Task objective: The line containing "Some of the text" marks where to begin. Write out that line and every line after it exactly, through the last line below.

Extracted records:
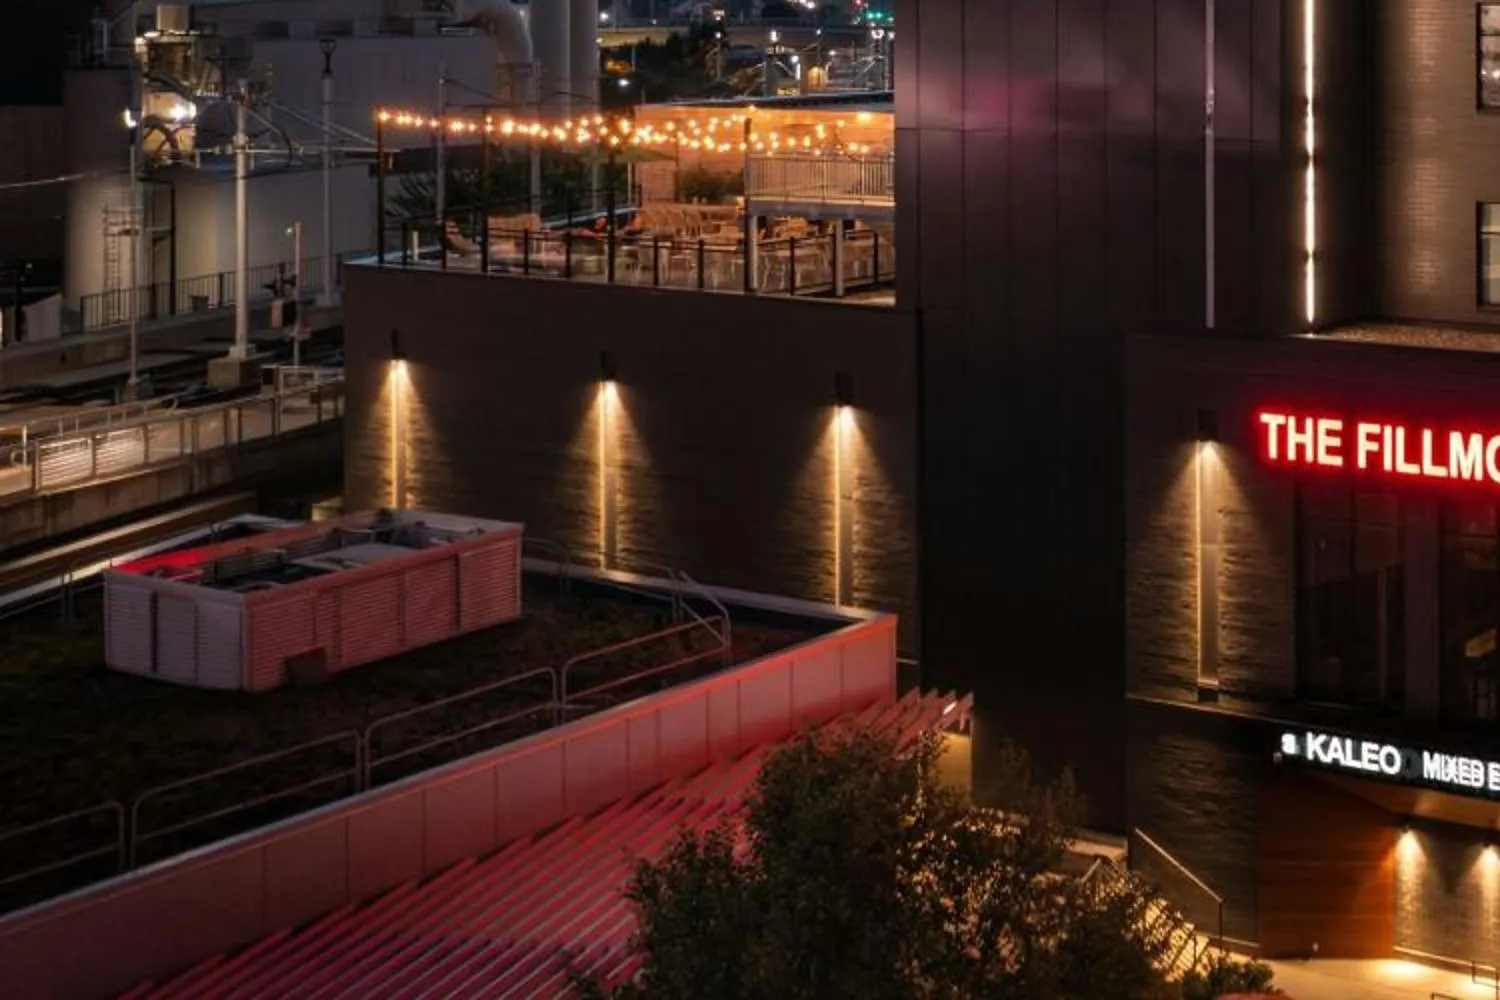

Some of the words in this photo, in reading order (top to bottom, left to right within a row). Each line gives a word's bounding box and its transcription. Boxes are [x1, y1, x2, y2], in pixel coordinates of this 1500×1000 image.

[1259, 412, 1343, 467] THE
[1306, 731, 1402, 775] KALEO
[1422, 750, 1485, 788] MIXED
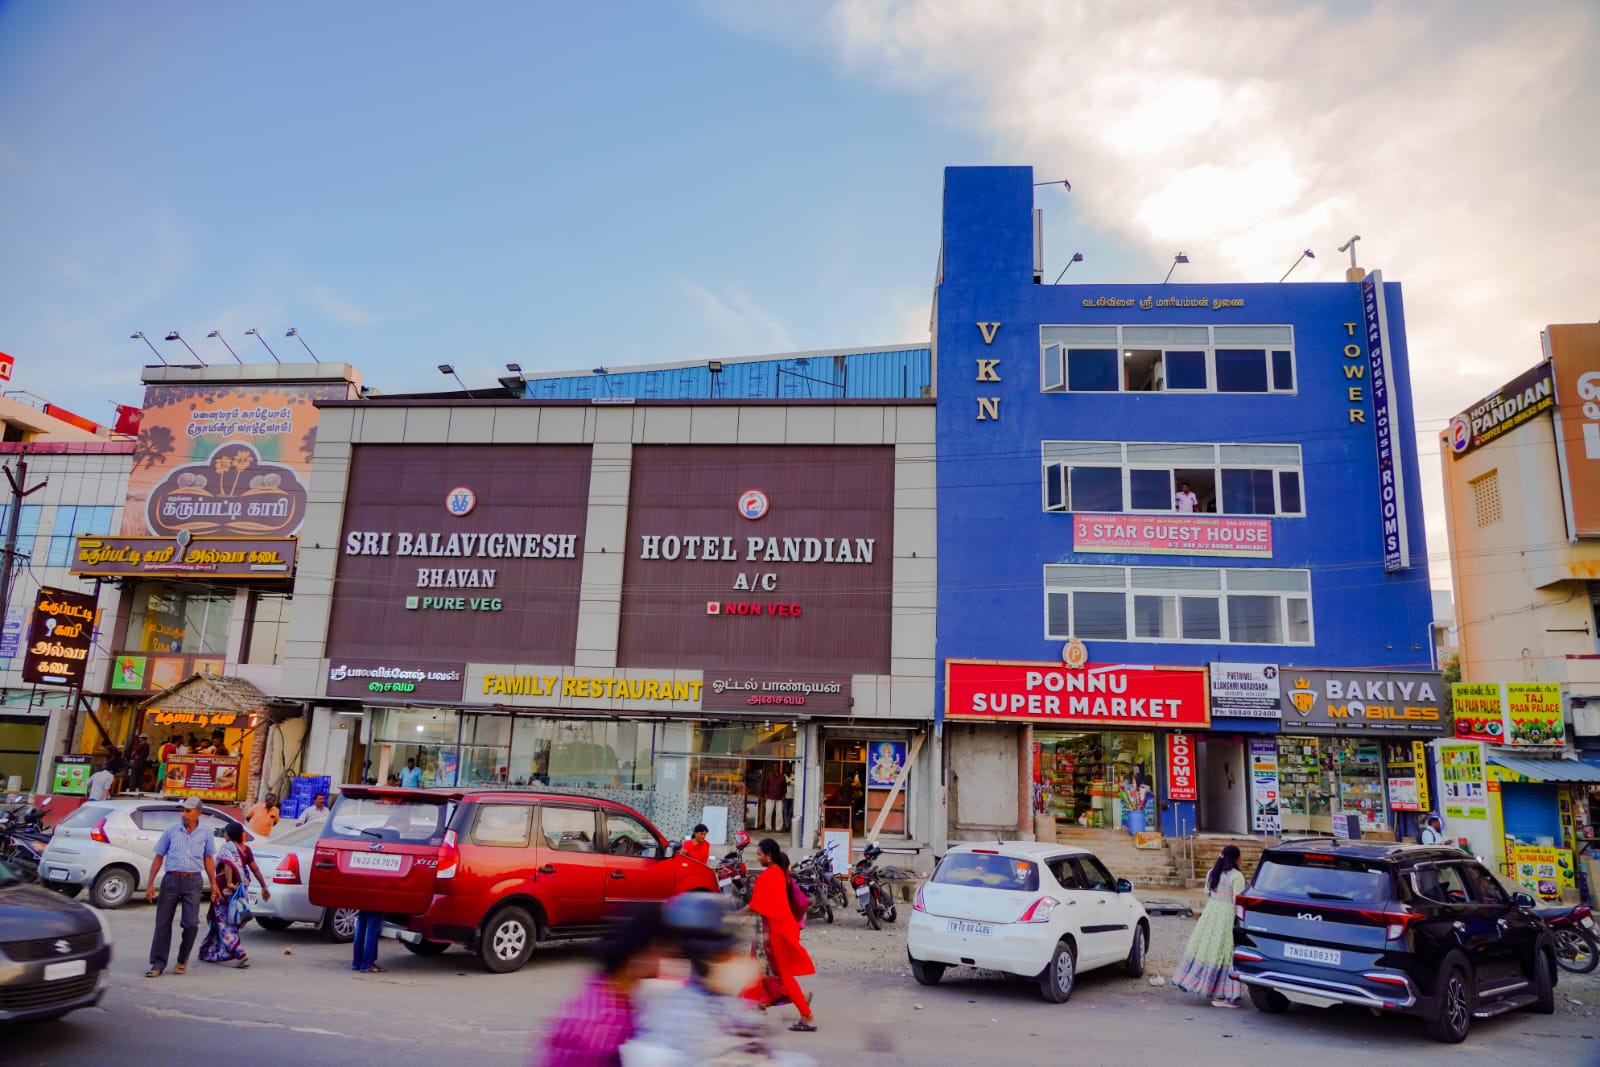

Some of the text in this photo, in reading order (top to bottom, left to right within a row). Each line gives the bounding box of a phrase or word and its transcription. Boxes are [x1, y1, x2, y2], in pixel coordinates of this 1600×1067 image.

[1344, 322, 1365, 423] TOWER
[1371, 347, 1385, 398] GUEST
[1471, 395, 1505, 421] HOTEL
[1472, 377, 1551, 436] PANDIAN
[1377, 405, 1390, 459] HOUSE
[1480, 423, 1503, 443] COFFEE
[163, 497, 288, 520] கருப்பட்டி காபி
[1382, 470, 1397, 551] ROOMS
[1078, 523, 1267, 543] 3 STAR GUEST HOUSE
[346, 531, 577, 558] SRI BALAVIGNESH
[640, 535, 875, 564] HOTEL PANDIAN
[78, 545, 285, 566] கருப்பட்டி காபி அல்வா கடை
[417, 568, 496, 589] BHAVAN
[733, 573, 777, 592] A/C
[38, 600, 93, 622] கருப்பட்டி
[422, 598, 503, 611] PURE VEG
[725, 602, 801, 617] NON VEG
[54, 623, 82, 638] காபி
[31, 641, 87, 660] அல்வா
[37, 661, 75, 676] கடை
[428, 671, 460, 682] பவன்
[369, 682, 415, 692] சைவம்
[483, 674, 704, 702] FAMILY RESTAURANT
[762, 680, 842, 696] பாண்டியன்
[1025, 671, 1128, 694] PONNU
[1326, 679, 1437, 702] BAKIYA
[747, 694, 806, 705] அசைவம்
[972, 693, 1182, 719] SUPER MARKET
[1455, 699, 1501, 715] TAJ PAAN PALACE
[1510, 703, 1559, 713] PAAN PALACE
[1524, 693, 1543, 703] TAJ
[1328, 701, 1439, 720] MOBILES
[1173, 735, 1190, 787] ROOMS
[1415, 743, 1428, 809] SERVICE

Response to the task:
Some of the text in this photo, in reading order (top to bottom, left to right within a row). Each line gives the bounding box of a phrase or word and its transcription. Boxes are [x1, y1, x2, y2], in pixel coordinates of this 1600×1067 image.

[1344, 322, 1365, 423] TOWER
[1371, 347, 1385, 398] GUEST
[1471, 395, 1505, 421] HOTEL
[1472, 377, 1551, 436] PANDIAN
[1377, 405, 1390, 459] HOUSE
[1480, 423, 1503, 443] COFFEE
[163, 497, 288, 520] கருப்பட்டி காபி
[1382, 470, 1397, 551] ROOMS
[1078, 523, 1267, 543] 3 STAR GUEST HOUSE
[346, 531, 577, 558] SRI BALAVIGNESH
[640, 535, 875, 564] HOTEL PANDIAN
[78, 545, 285, 566] கருப்பட்டி காபி அல்வா கடை
[417, 568, 496, 589] BHAVAN
[733, 573, 777, 592] A/C
[38, 600, 93, 622] கருப்பட்டி
[422, 598, 503, 611] PURE VEG
[725, 602, 801, 617] NON VEG
[54, 623, 82, 638] காபி
[31, 641, 87, 660] அல்வா
[37, 661, 75, 676] கடை
[428, 671, 460, 682] பவன்
[369, 682, 415, 692] சைவம்
[483, 674, 704, 702] FAMILY RESTAURANT
[762, 680, 842, 696] பாண்டியன்
[1025, 671, 1128, 694] PONNU
[1326, 679, 1437, 702] BAKIYA
[747, 694, 806, 705] அசைவம்
[972, 693, 1182, 719] SUPER MARKET
[1455, 699, 1501, 715] TAJ PAAN PALACE
[1510, 703, 1559, 713] PAAN PALACE
[1524, 693, 1543, 703] TAJ
[1328, 701, 1439, 720] MOBILES
[1173, 735, 1190, 787] ROOMS
[1415, 743, 1428, 809] SERVICE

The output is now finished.